What the task asks » Look for the line containing "Some of the text" in the records below. Then output it and all the lines that follow, exactly and without any others.

Recorded data »

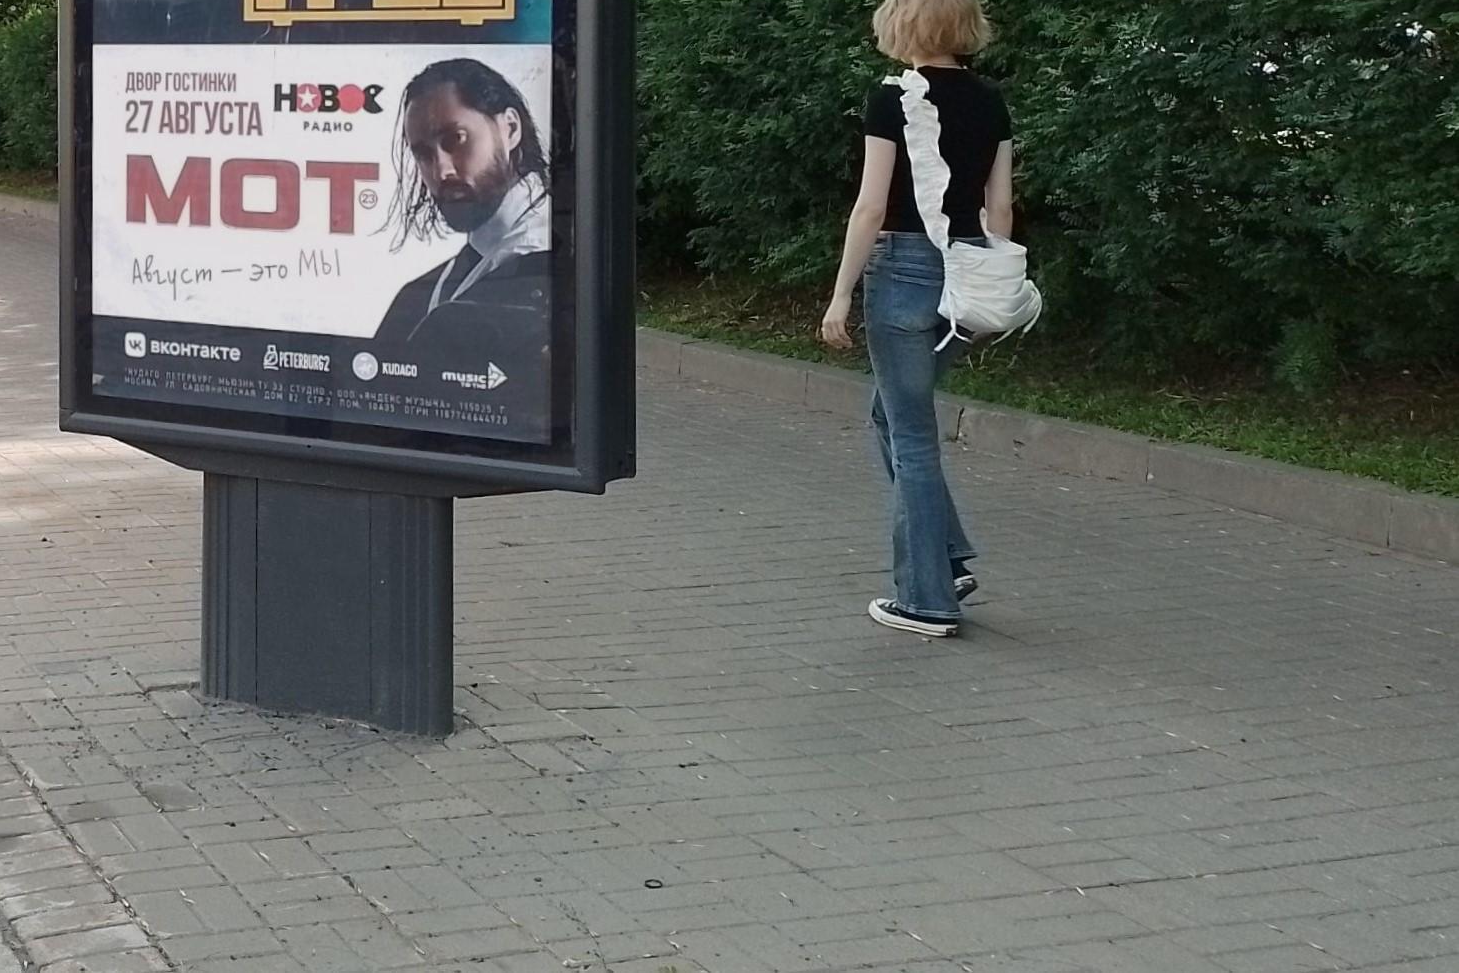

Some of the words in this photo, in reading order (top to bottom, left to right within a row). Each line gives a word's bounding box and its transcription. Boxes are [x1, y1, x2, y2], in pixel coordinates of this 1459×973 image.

[125, 72, 163, 95] ДВОР
[165, 72, 237, 93] ГОСТИНКИ
[125, 100, 154, 134] 27
[158, 100, 264, 137] АВГУСТА
[303, 120, 354, 133] РАДИО
[125, 153, 381, 236] МОТ
[131, 256, 213, 299] Август
[249, 264, 289, 283] это
[298, 248, 342, 278] МЫ
[150, 339, 242, 362] вконтакте
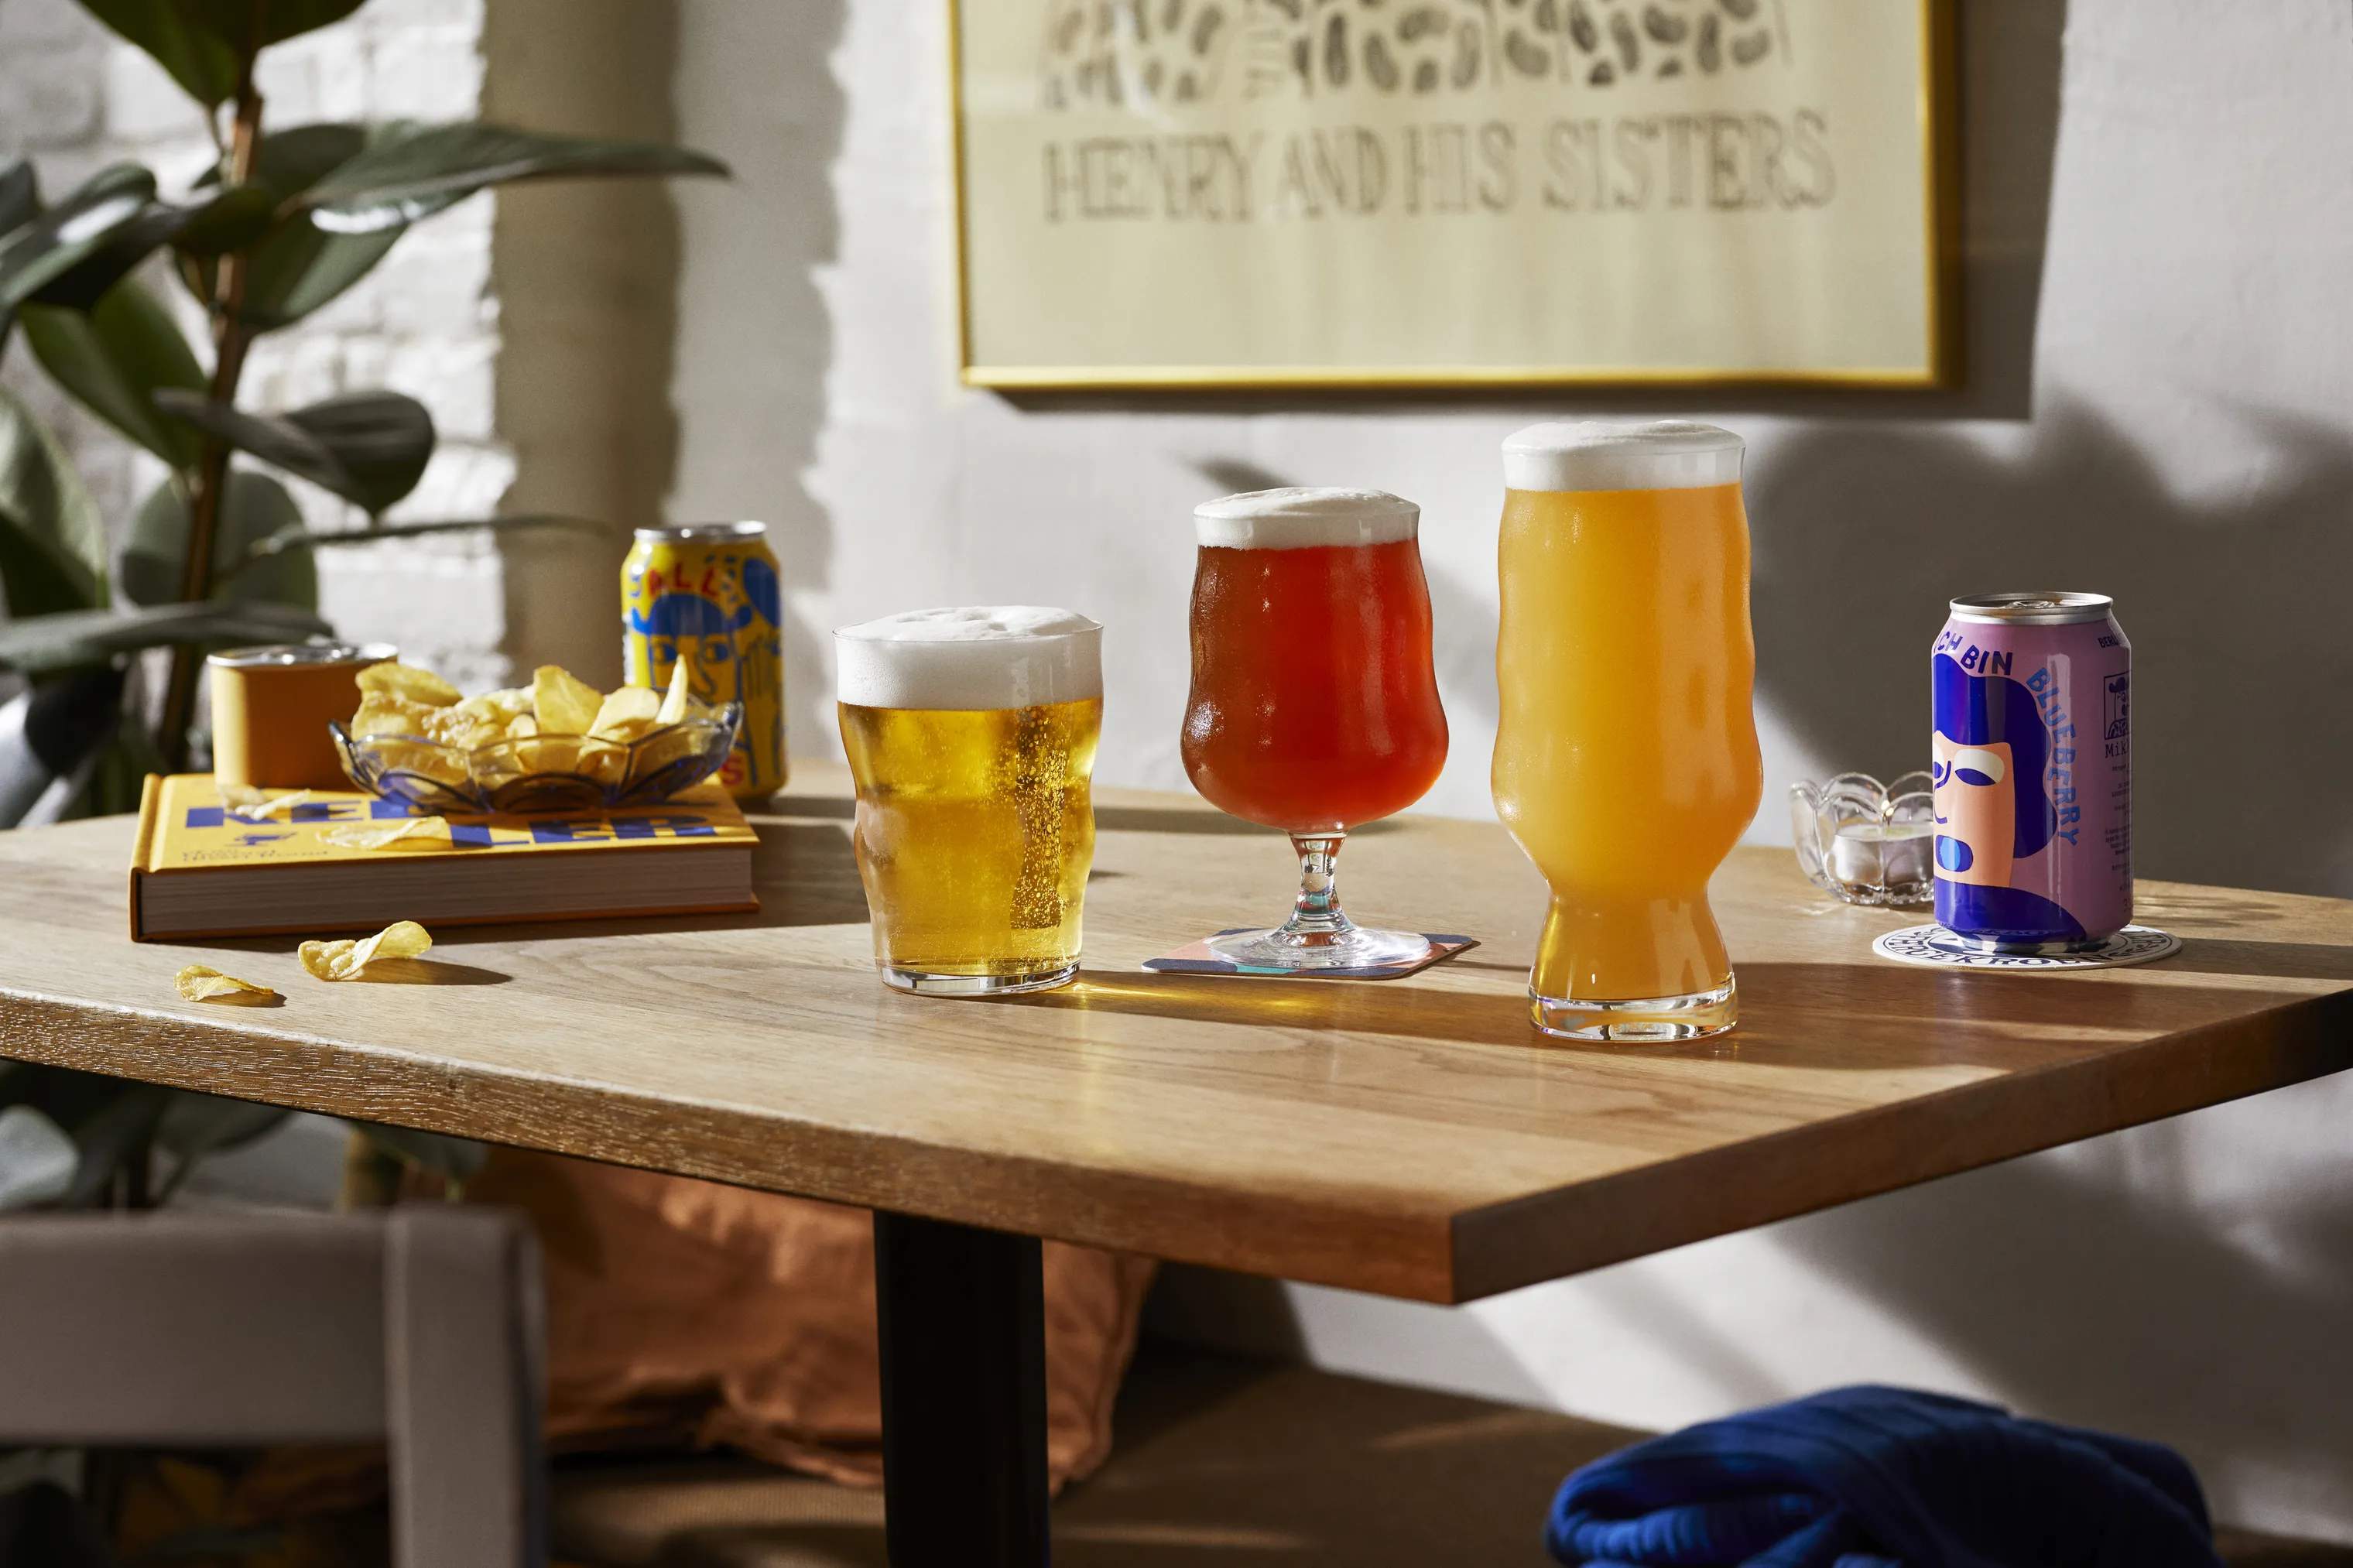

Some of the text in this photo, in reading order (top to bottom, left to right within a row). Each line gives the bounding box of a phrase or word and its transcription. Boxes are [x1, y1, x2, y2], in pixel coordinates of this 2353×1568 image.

[1039, 108, 1838, 224] HENRY AND HIS SISTERS
[1960, 644, 2013, 676] BIN
[2026, 667, 2081, 846] BLUEBERRY

Solution to the problem »
Some of the text in this photo, in reading order (top to bottom, left to right within a row). Each line gives the bounding box of a phrase or word and its transcription. Boxes are [x1, y1, x2, y2], in pixel coordinates of this 2353×1568 image.

[1039, 108, 1838, 224] HENRY AND HIS SISTERS
[1960, 644, 2013, 676] BIN
[2026, 667, 2081, 846] BLUEBERRY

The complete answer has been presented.